Bolting and Boundaries

We have a neighborhood park close to our home. It is bracketed by two busy streets. For reasons unknown to me, two of the three sides of the park are fenced from the street. (Perhaps so it will not be mistaken for a dog park.) We love to watch young families host parties and Easter Egg Hunts in that park; preschool kids sipping juice boxes on the picnic tables with their caregivers. It is a sweet, important space in our community.

When no one is there, we take our pups Beau and Grace to the park and throw a tennis ball for them. We joyfully observe what we call “Clash of the Titans” when they literally leap in the air and throw their combined 145 pounds of canine energy at one another. We’ve worked hard to make sure they stay within the confines of the park. They have been rock solid—willing to do anything for string cheese.

To our horror, yesterday Beau retrieved the tennis ball like he has hundreds of times, and then bolted like a rocket along the fence, picking up speed and running headlong onto the busy road toward a man walking a Labrador Retriever on a leash. Grace sprinted close behind with Malcolm and me yelling their names and whistling their call for “come.” We heard a brief growl and then, thankfully, both came running back and sat right at my feet. We yelled our apologies from afar to the dog owner who must have been terrified by our dogs’ behavior and walked home shaken and ashamed.
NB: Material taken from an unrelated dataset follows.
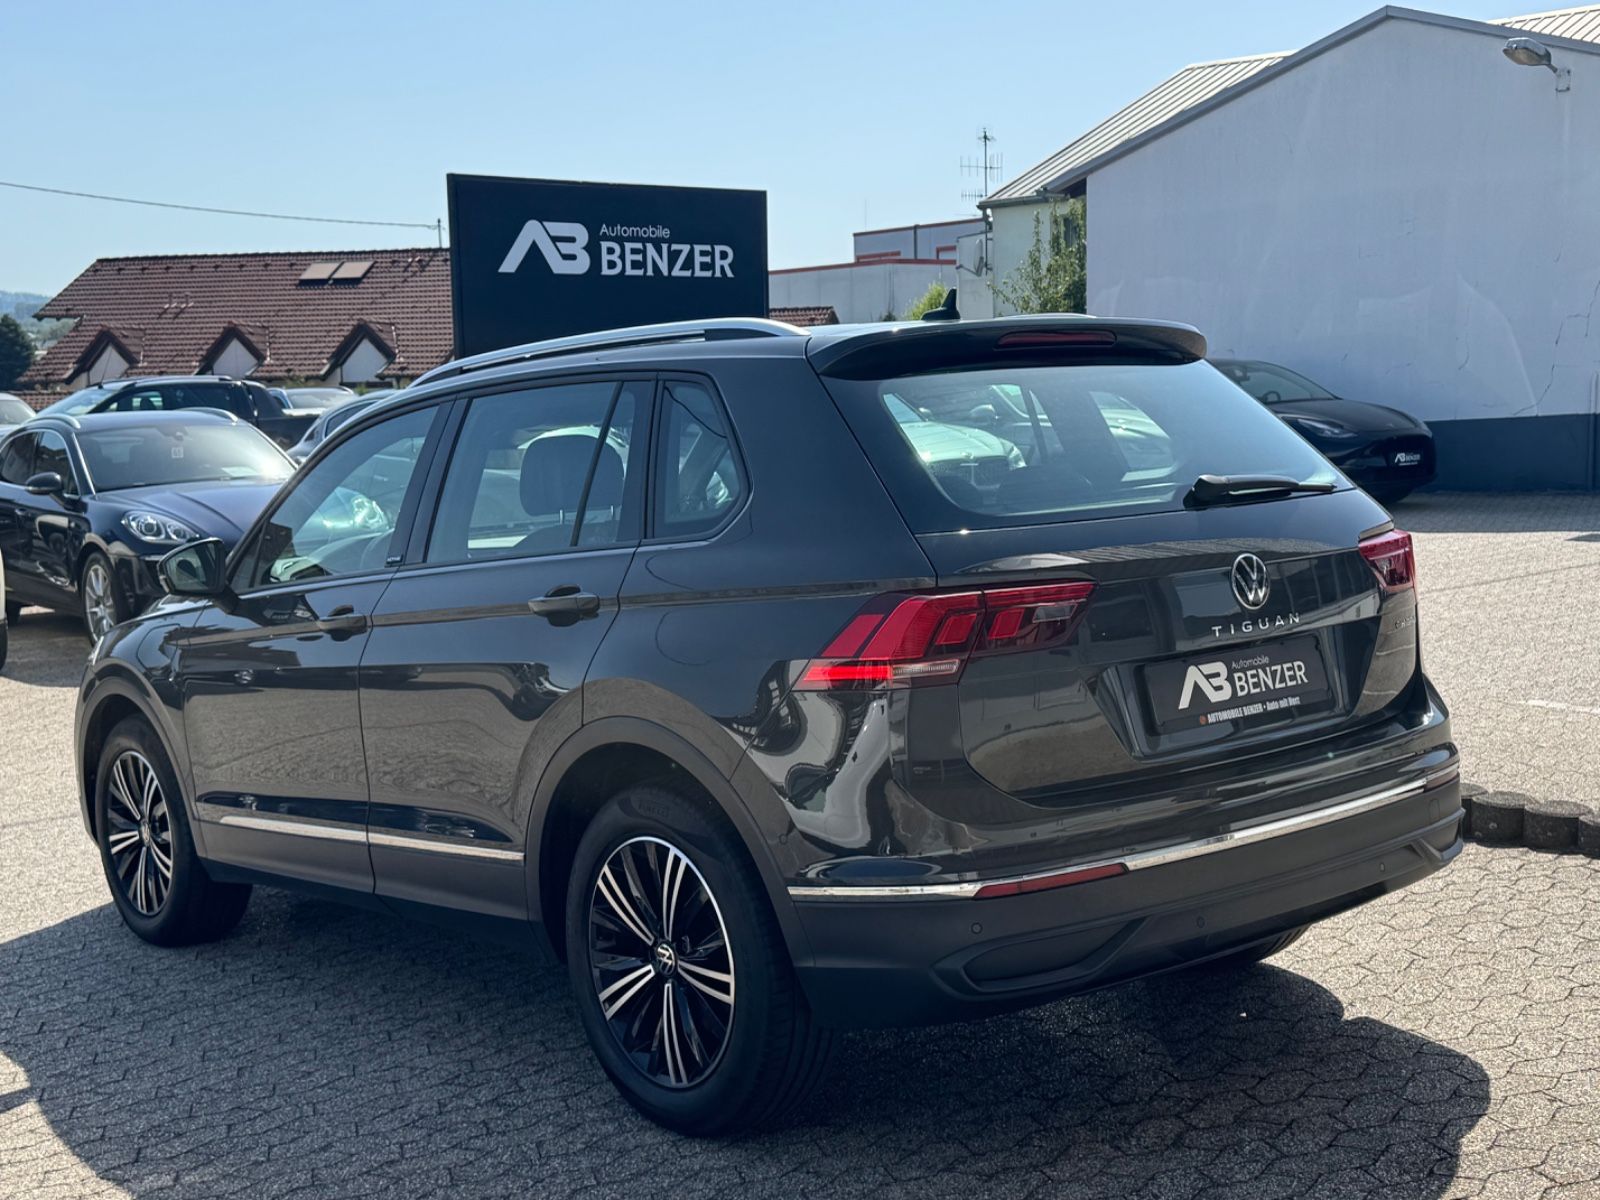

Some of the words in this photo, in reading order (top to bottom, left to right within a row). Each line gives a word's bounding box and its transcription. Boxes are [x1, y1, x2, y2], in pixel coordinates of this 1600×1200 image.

Beau and Grace behaved badly, only for an instant, but the outcome could have been so much worse—one of them or one of us getting hit by a car; a beloved pet injured in a fight. Thankfully none of that came to pass. We were aware that we had put them and others in danger by not making sure there were safe boundaries.

I don’t love boundaries—around my time, around my options, around just about anything. And yet boundaries can provide safety and force us to make choices. Parents who are overly-complicit with children deprive them of the opportunity to learn about healthy limits, and possibly can put them in danger. As adults, we are invited to create our own boundaries of what we will and will not do, who we will make time for, how we will offer our gifts, and how we will spend our money. Creating boundaries, or brackets if you will, does not have to come from a place of deprivation, but from a place of appreciation. Appreciation for the sanctity of each moment, each day—balancing time for vocation, and community, and rest, and prayer, and hobbies, and whatever. Without awareness of boundaries, I find myself bolting in directions that do not serve my well-being or others.

So much good happens at our community park. We misunderstood its purpose. There are a myriad of ways we can provide space and play for our pups, just not there. So much good is present in life, boundaries help us clarify our priorities and our purpose, and at times, provide safety.